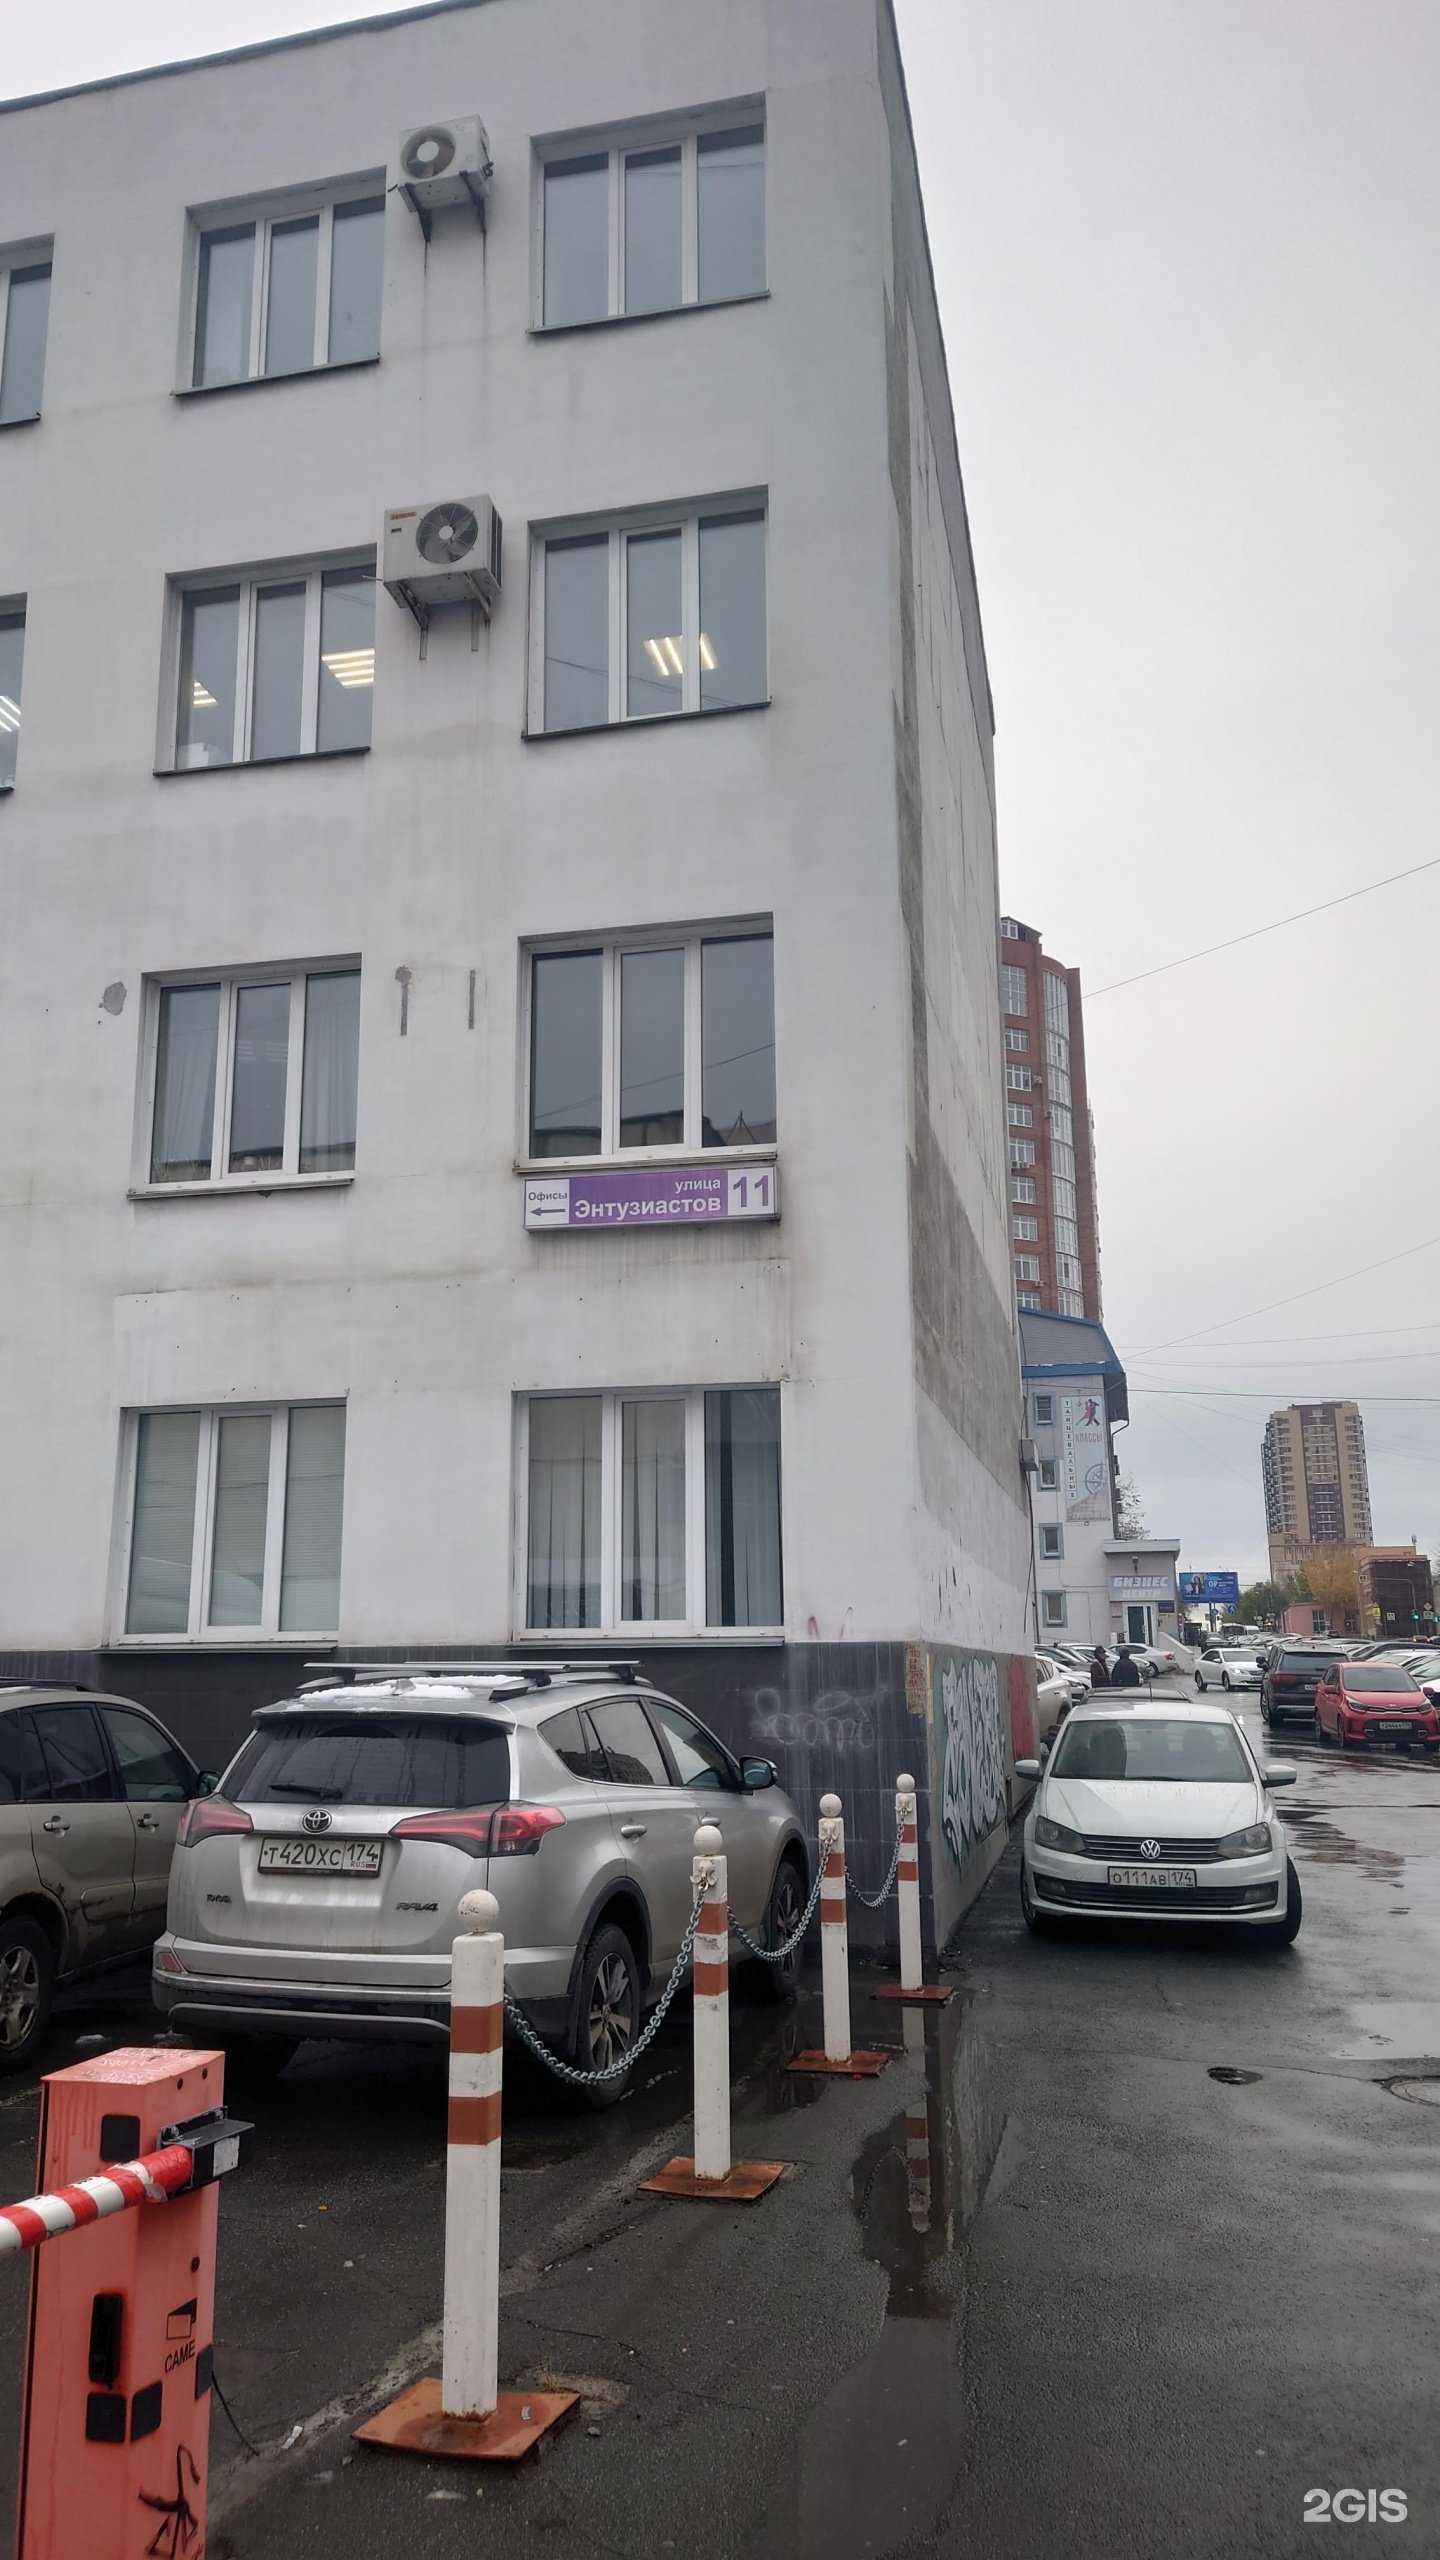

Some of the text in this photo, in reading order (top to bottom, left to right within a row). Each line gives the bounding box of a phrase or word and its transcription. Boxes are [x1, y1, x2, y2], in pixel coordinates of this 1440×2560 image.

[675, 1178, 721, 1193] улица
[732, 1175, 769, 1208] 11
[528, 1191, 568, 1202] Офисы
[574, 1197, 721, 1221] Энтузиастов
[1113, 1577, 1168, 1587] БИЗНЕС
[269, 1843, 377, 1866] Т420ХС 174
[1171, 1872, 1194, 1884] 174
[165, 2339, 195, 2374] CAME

═══

▶ [Your task]:
Write out the material above exactly. Skip the pictures.

▶ [Reply to the task]:
Some of the text in this photo, in reading order (top to bottom, left to right within a row). Each line gives the bounding box of a phrase or word and its transcription. Boxes are [x1, y1, x2, y2], in pixel coordinates of this 1440×2560 image.

[675, 1178, 721, 1193] улица
[732, 1175, 769, 1208] 11
[528, 1191, 568, 1202] Офисы
[574, 1197, 721, 1221] Энтузиастов
[1113, 1577, 1168, 1587] БИЗНЕС
[269, 1843, 377, 1866] Т420ХС 174
[1171, 1872, 1194, 1884] 174
[165, 2339, 195, 2374] CAME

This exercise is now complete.